The IDB’s Calgary Stampede Strut

The Inter-American Development Bank’s annual gathering in Calgary Canada, known for its cowboy lore, reflected an upbeat mood and outlook as $12 billion in record lending was revealed, and public and private sector delegates released positive 2011 growth and policy forecasts. US Treasury Secretary Geithner won attendee praise with appeals for passage of the long-stalled bilateral Colombia free-trade pact and for increased multilateral funding from the G-20 as Republicans now controlling the Congress in Washington look to gut appropriations to the Bretton Woods institutions to show fiscal prudence. Attention was also focused on Haiti, as first-round presidential elections proceeded peacefully and the bank prepares for a full-day dedicated conference in June, convening donors and government and business leaders. Former president Aristide returned from exile in South Africa on the eve of the poll and indicated he will not again seek political office but instead would promote faster rebuilding and anti-poverty progress. The Institute for International Finance in a side meeting with members circulated a report that regional GDP growth will slow to 4.5 percent but that foreign direct and equity-driven portfolio investment will continue near historic highs and sustain currency appreciation. Both domestic and external demand supported a 6 percent output increase in 2010 with Argentina’s almost 9 percent at the top and Venezuela’s 2 percent shrinkage at the opposite end. Average inflation hit 8 percent with the highest readings from non-targeting countries. With better terms of trade, the current account deficit was under 1 percent of GDP and private capital inflows were four times the gap at $220 billion, with commercial bank credit at almost $30 billion after the previous year’s outflow. Sovereign debt spreads improved and stock markets saw double-digit upswings, as currencies in Brazil, Chile and Colombia regained pre-crisis levels.

Capital controls and monetary tightening have been responses with routine sterilized and unsterilized interventions, and higher benchmark rates and reserve ratios. Brazil’s anti-appreciation package encompasses a half-dozen components from taxes to derivatives limits and authorities have also begun to withdraw related fiscal stimulus.

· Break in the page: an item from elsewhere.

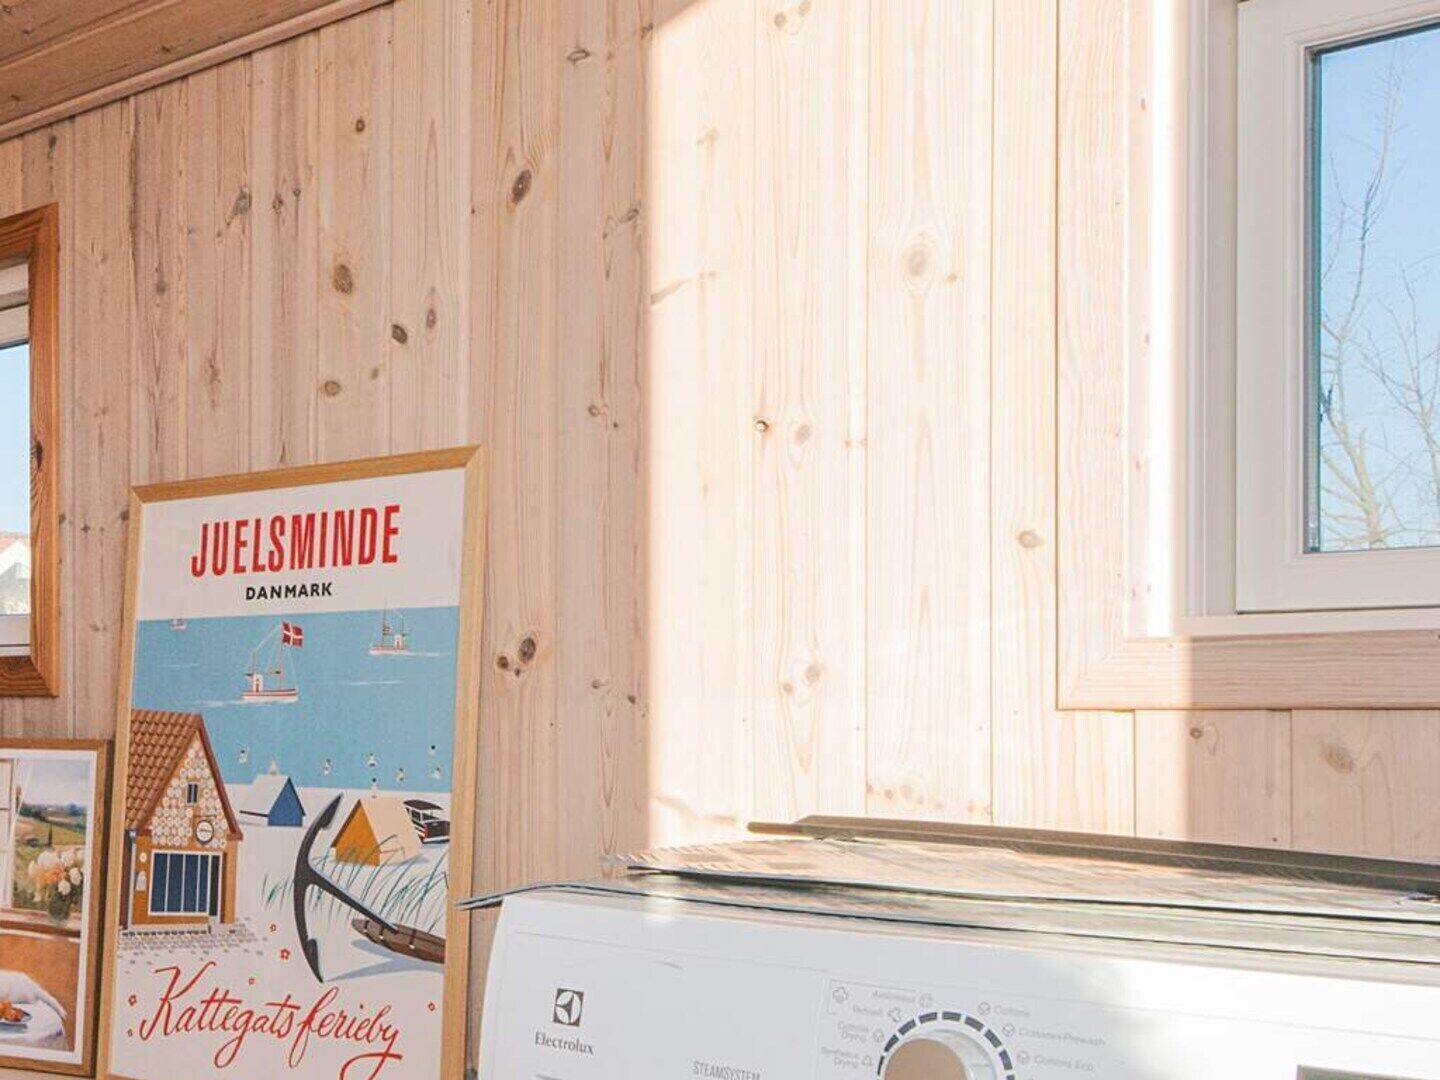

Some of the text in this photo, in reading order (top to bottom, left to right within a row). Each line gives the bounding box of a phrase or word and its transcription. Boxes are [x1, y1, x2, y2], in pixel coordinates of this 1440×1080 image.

Restoring budget balance is a near-term priority, and Latin America’s external debt profile continues to advance with exports almost equal to the amount outstanding and interest charges at under 5 percent of overseas commodity and manufacturing shipments, especially to China and other emerging market partners. Argentina is in a final stage of resolving sovereign arrears from a decade ago as it tackles $7 billion owed the Paris Club, which must follow the comparable treatment standard for private creditor reductions to date even as economic boom times otherwise may be incomparable.